[Spatial localization data]
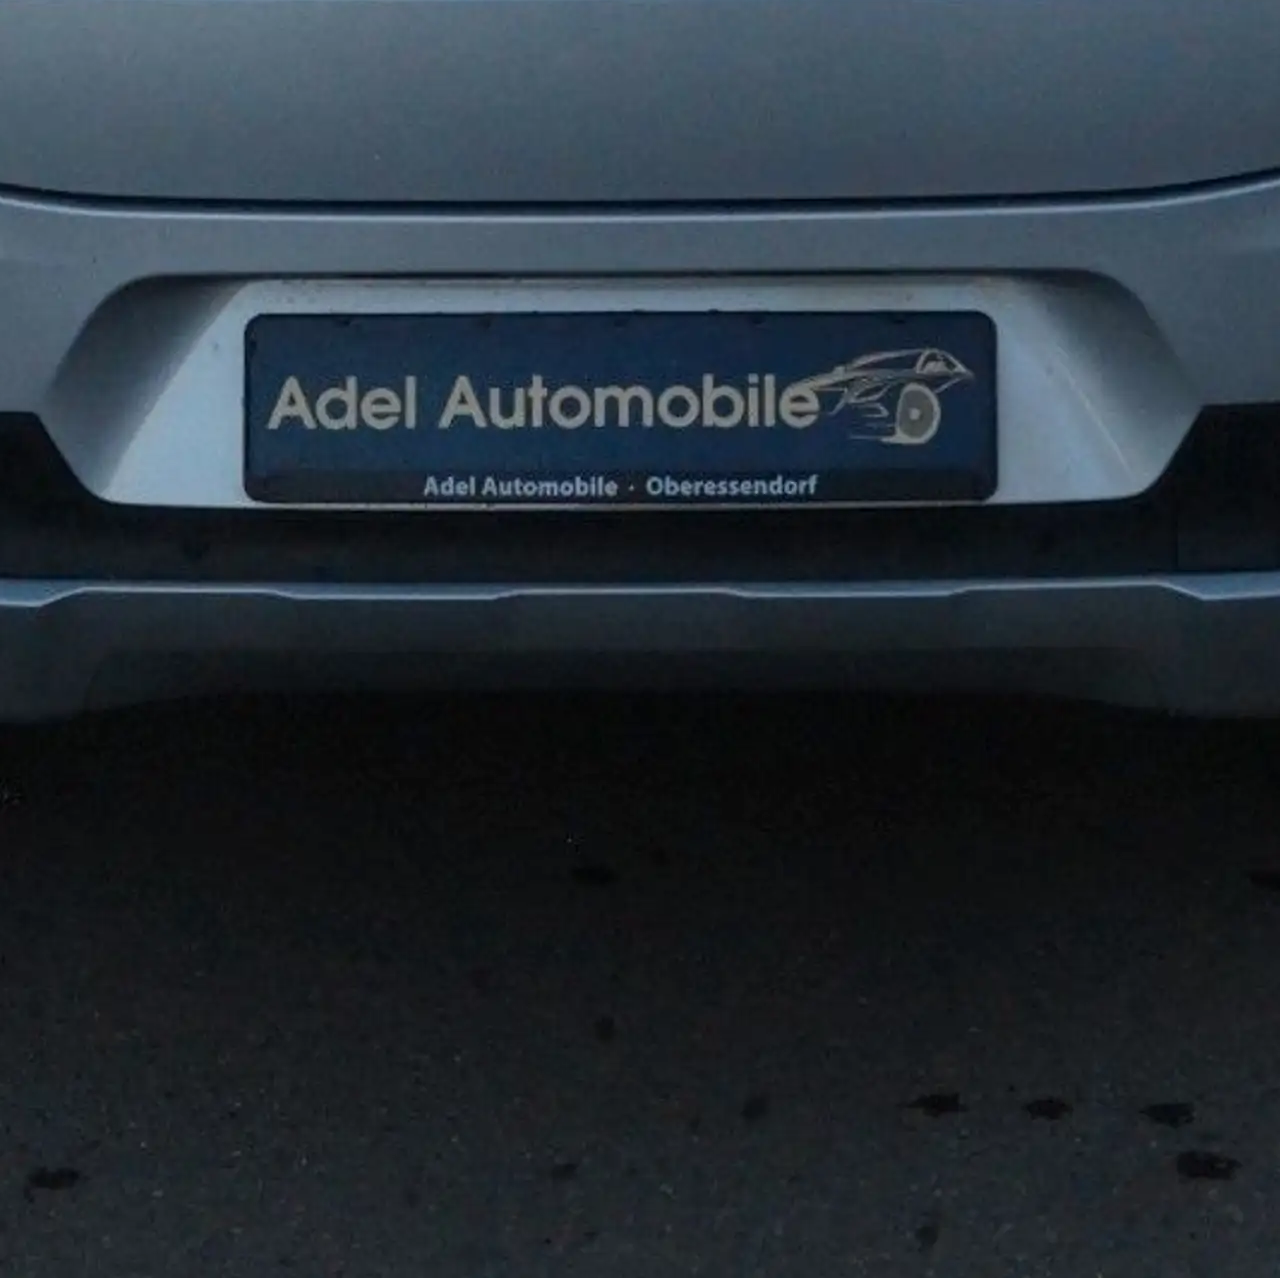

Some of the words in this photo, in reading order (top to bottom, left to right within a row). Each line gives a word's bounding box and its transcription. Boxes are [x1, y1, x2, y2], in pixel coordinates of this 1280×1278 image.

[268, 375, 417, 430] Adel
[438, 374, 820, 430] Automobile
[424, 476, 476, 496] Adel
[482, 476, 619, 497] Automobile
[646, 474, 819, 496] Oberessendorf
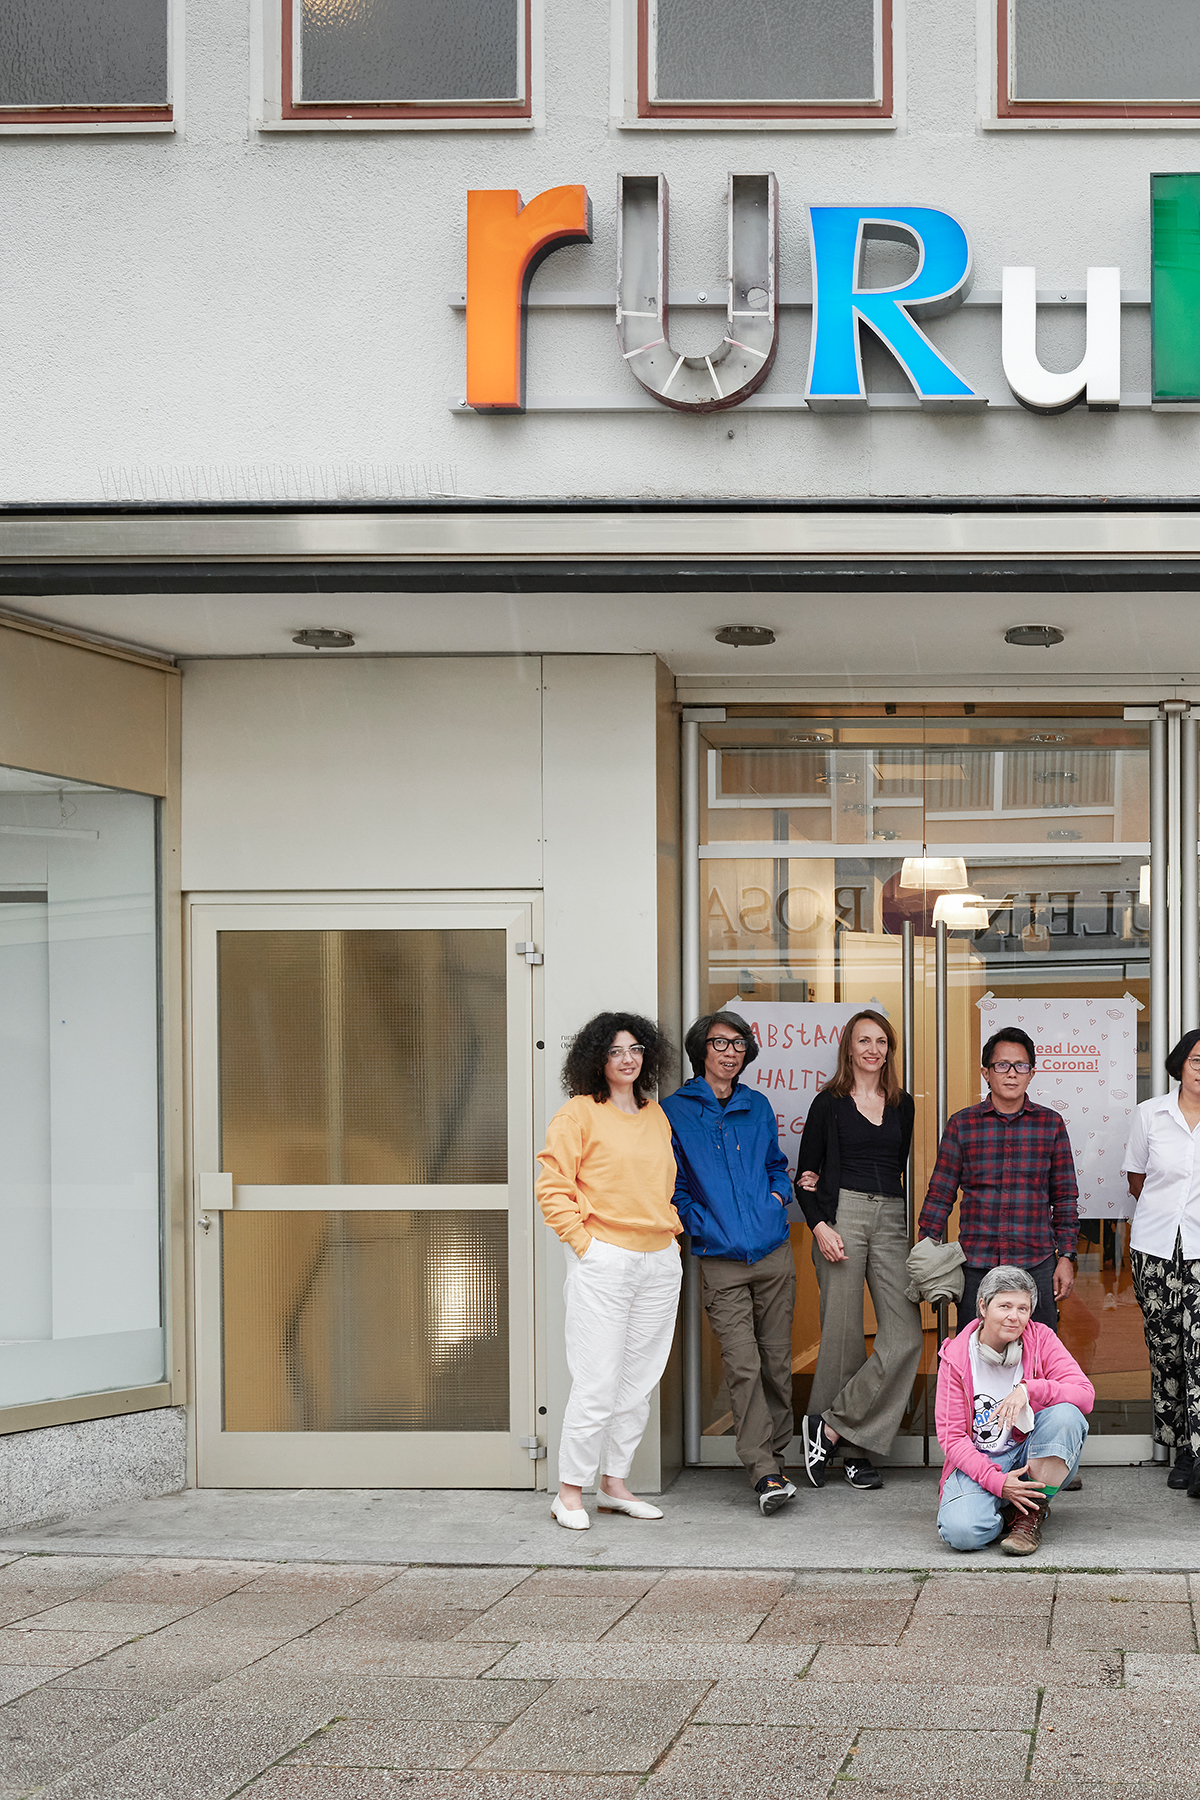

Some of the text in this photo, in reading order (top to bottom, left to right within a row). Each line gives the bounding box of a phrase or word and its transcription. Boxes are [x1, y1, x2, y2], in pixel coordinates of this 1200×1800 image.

What is needed: In repeating the entries, exclude the pictures and alter nothing else.

Written reply:
Some of the words in this photo, in reading order (top to bottom, left to right within a row). Each line gives a word's bounding box and its transcription. Boxes are [x1, y1, x2, y2], in pixel coordinates of this 1280×1278 image.

[268, 375, 417, 430] Adel
[438, 374, 820, 430] Automobile
[424, 476, 476, 496] Adel
[482, 476, 619, 497] Automobile
[646, 474, 819, 496] Oberessendorf

Some of the text in this photo, in reading order (top to bottom, left to right within a row). Each line gives the bounding box of a phrase or word and its transcription. Boxes are [x1, y1, x2, y2], in pixel coordinates of this 1200×1800 image.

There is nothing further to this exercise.